- [DATASET]:
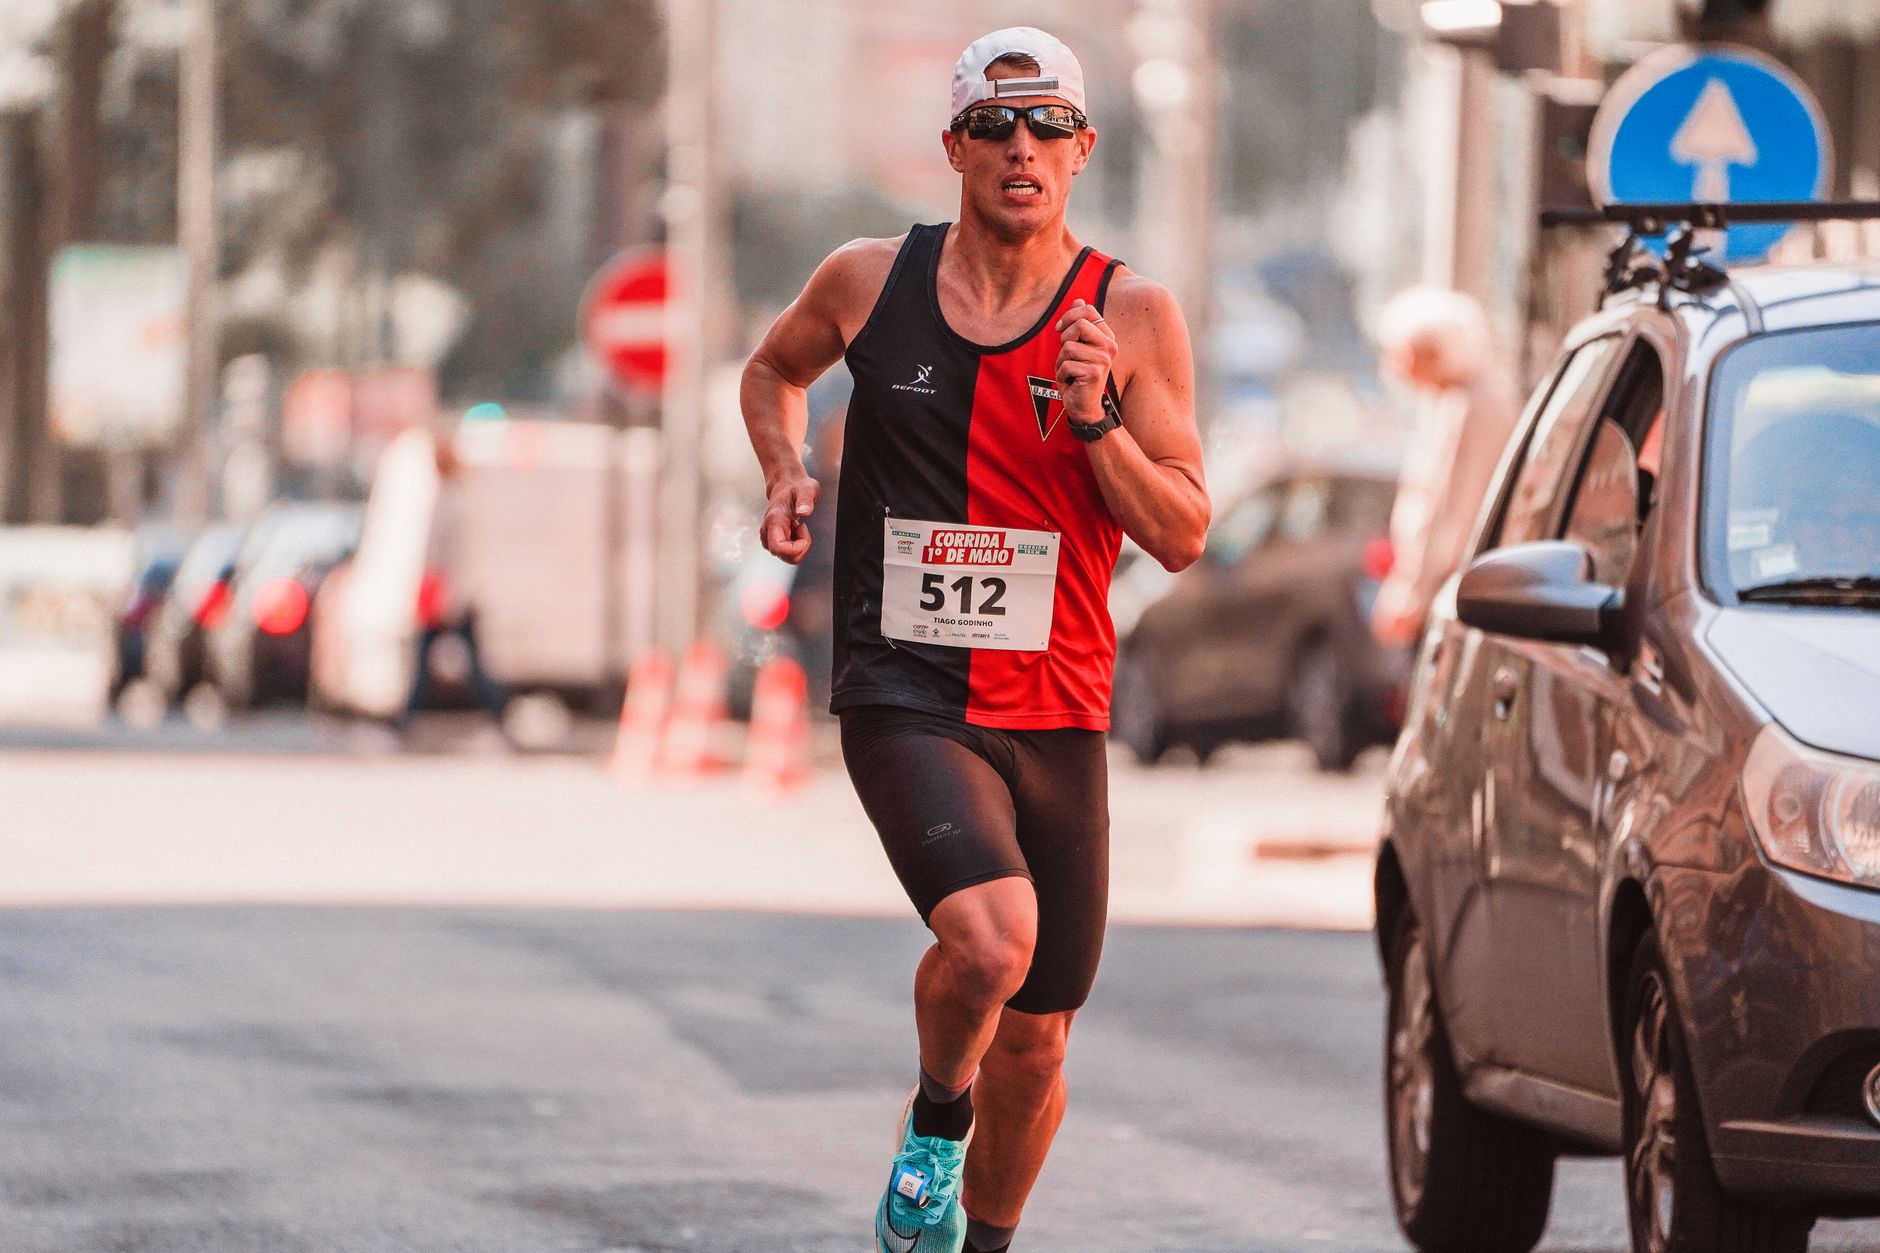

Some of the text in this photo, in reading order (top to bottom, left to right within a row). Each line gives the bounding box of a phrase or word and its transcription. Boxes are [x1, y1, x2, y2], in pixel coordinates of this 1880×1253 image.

[935, 532, 1000, 548] CORRIDA
[945, 548, 966, 563] DE
[968, 548, 1009, 564] MAIO
[919, 573, 1006, 615] 512
[933, 617, 993, 627] TIAGO GODINHO
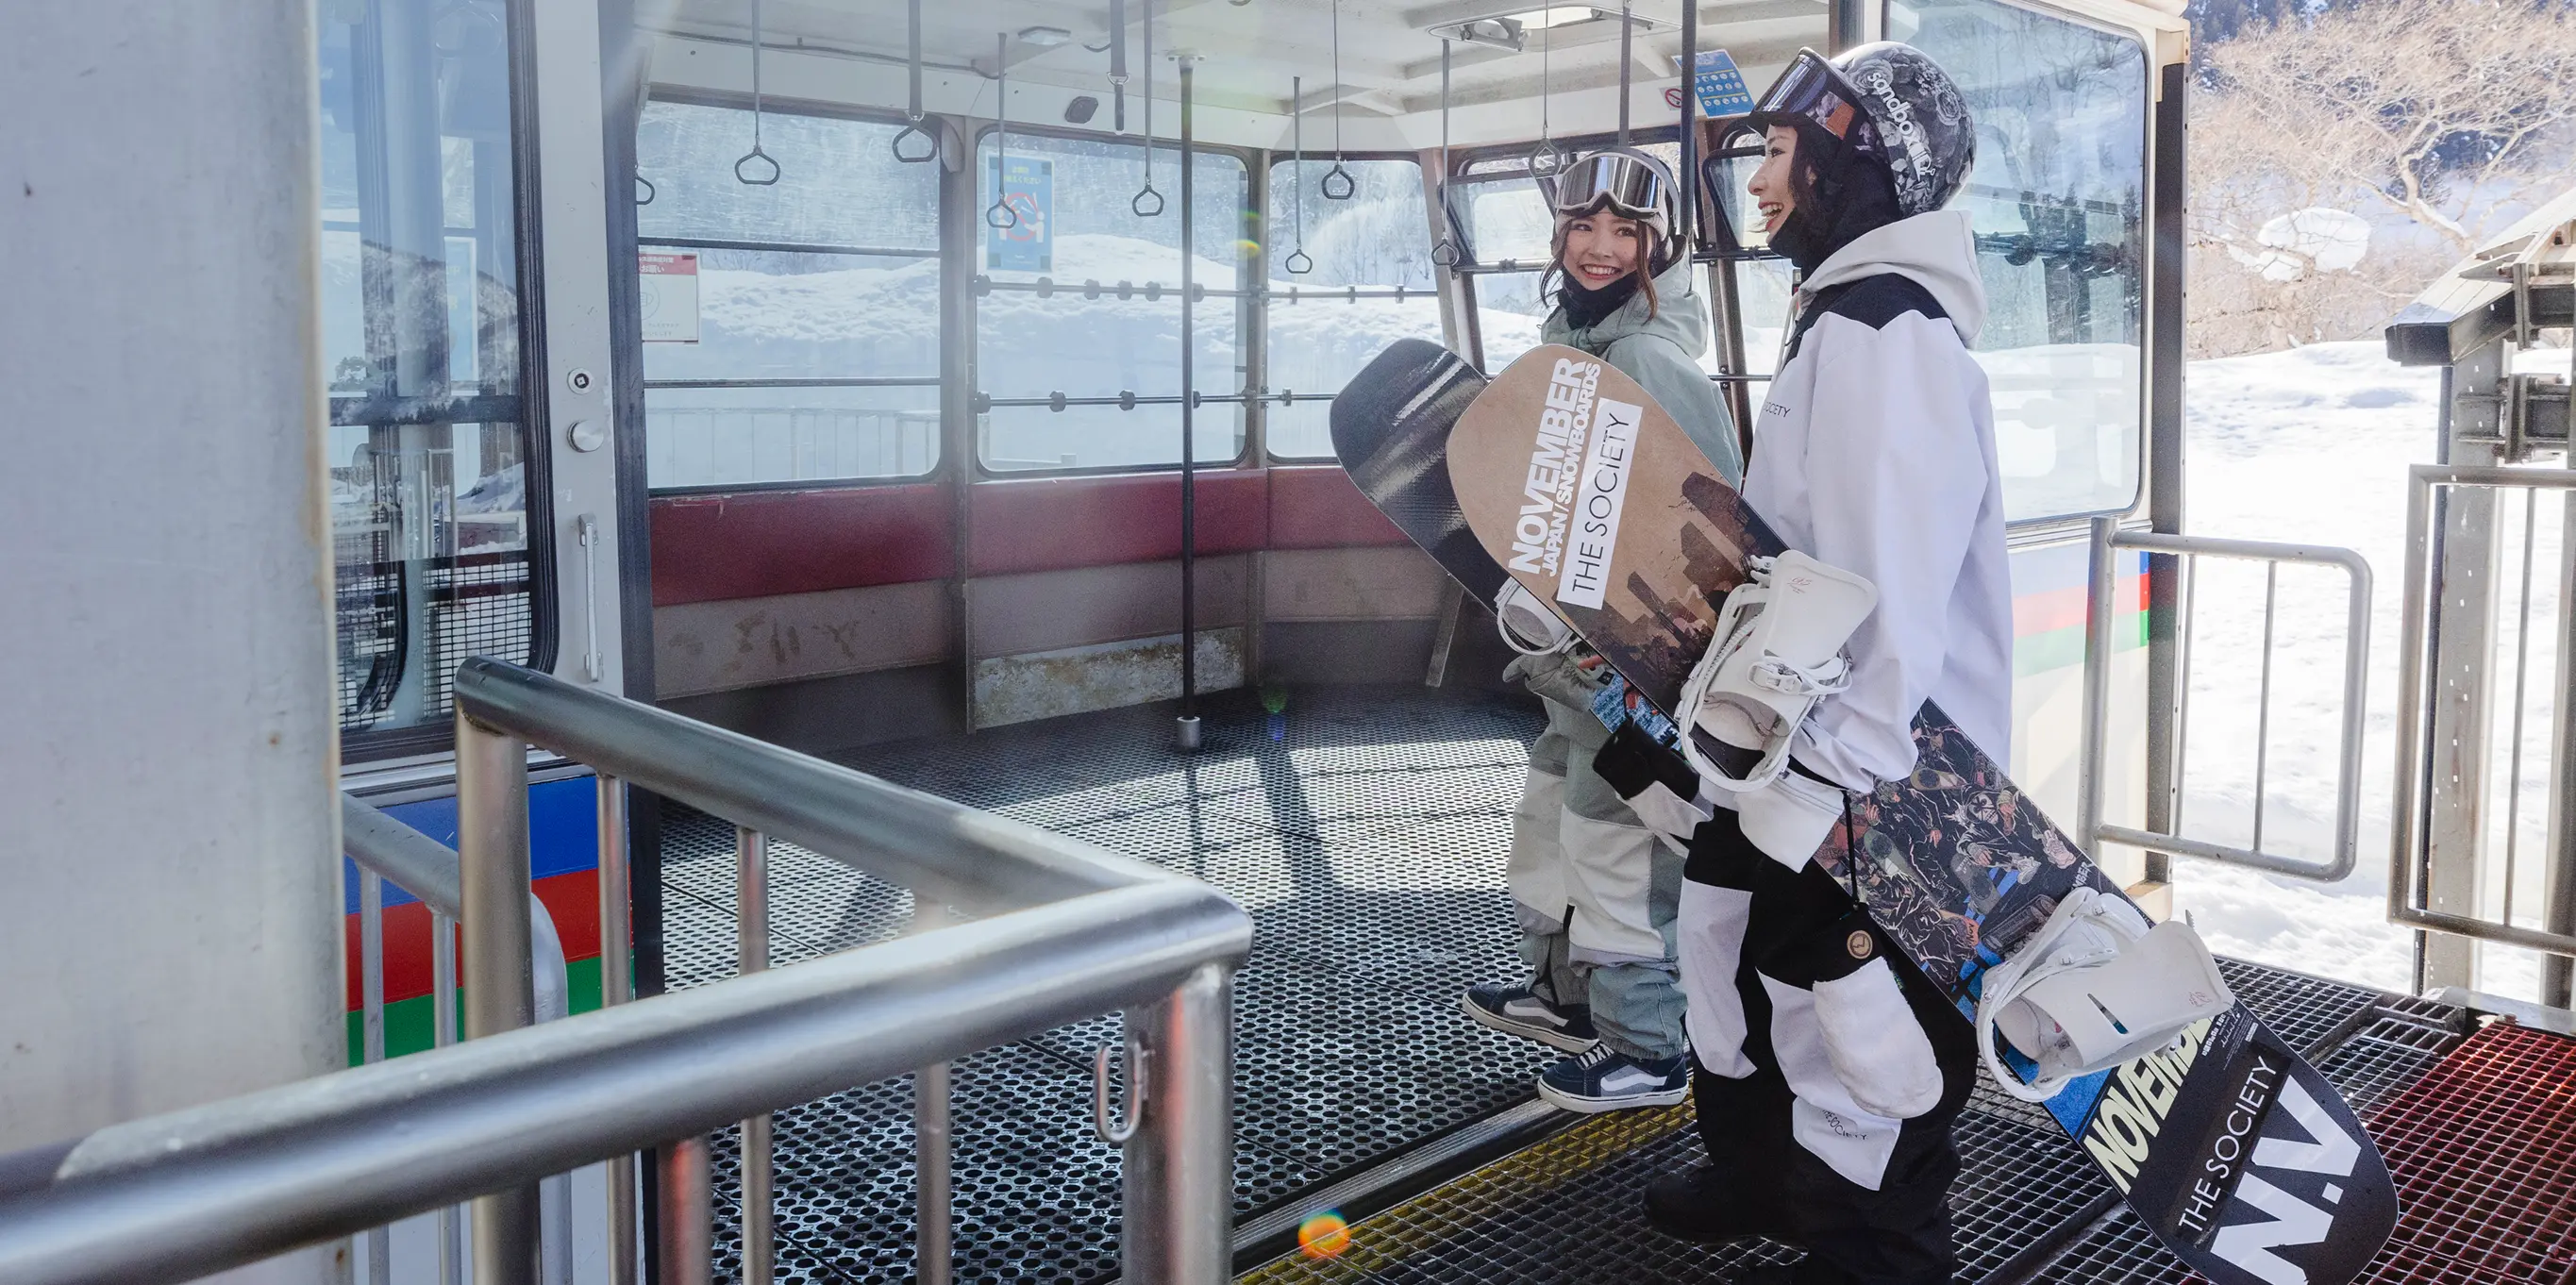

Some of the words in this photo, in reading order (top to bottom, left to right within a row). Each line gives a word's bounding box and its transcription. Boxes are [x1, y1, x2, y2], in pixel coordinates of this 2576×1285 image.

[1508, 358, 1587, 575] NOVEMBER
[1584, 412, 1630, 537] SOCIETY
[1572, 542, 1604, 592] THE
[2083, 1014, 2215, 1195] NOVEMB
[2178, 1177, 2221, 1231] THE
[2205, 1056, 2277, 1178] SOCIETY
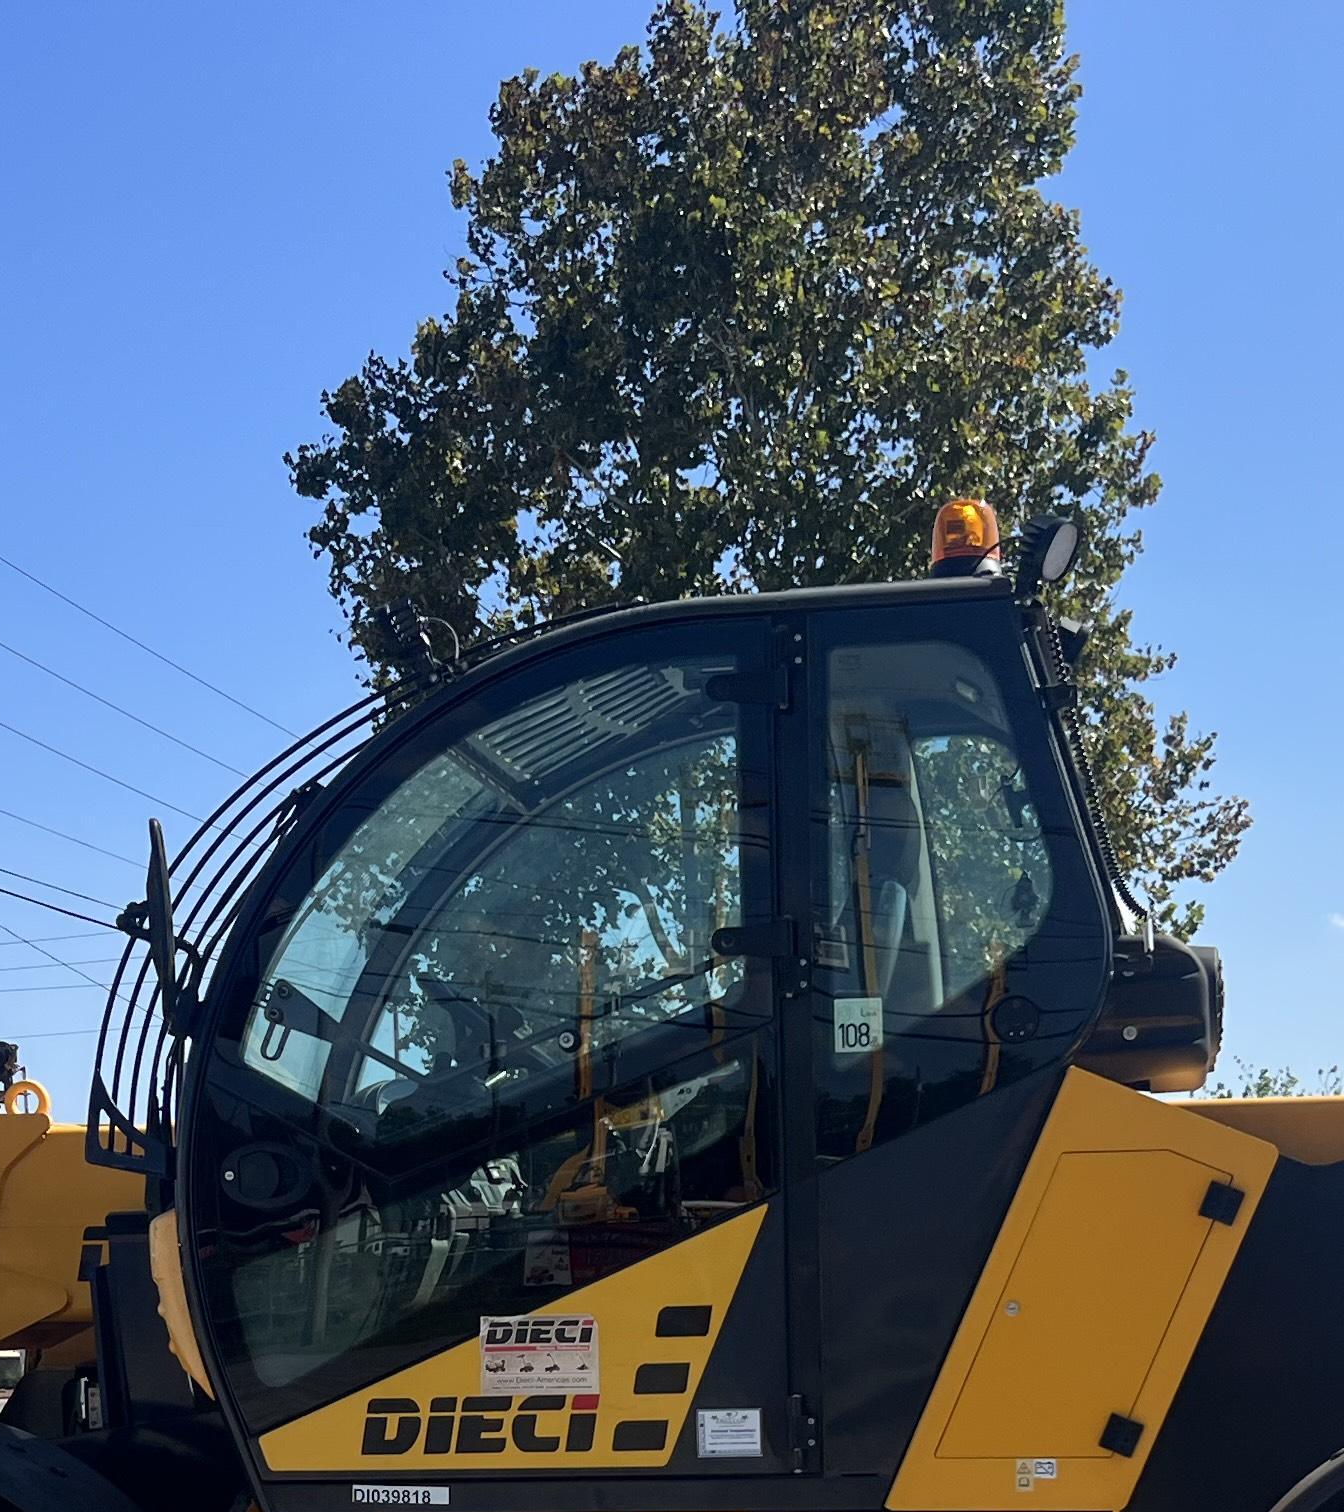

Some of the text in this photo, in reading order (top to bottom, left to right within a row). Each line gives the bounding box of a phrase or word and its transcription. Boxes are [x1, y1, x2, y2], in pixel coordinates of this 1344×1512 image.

- [WORK TASK]:
Repeat the data above exactly, images excluded.

- [THE COMPLETED TASK]:
Some of the text in this photo, in reading order (top to bottom, left to right within a row). Each line gives the bounding box of a phrase or word and its transcription. Boxes are [x1, y1, x2, y2], in pixel coordinates of this 1880×1253 image.

[935, 532, 1000, 548] CORRIDA
[945, 548, 966, 563] DE
[968, 548, 1009, 564] MAIO
[919, 573, 1006, 615] 512
[933, 617, 993, 627] TIAGO GODINHO

Some of the words in this photo, in reading order (top to bottom, left to right within a row). Each line gives a word's bounding box and its transcription. Boxes are [x1, y1, x2, y2], in pixel coordinates of this 2576×1285 image.

[1508, 358, 1587, 575] NOVEMBER
[1584, 412, 1630, 537] SOCIETY
[1572, 542, 1604, 592] THE
[2083, 1014, 2215, 1195] NOVEMB
[2178, 1177, 2221, 1231] THE
[2205, 1056, 2277, 1178] SOCIETY

Some of the text in this photo, in reading order (top to bottom, left to right within a row). Each line gives the bounding box of a phrase or word and its transcription. Boxes are [x1, y1, x2, y2], in pixel coordinates of this 1344×1512 image.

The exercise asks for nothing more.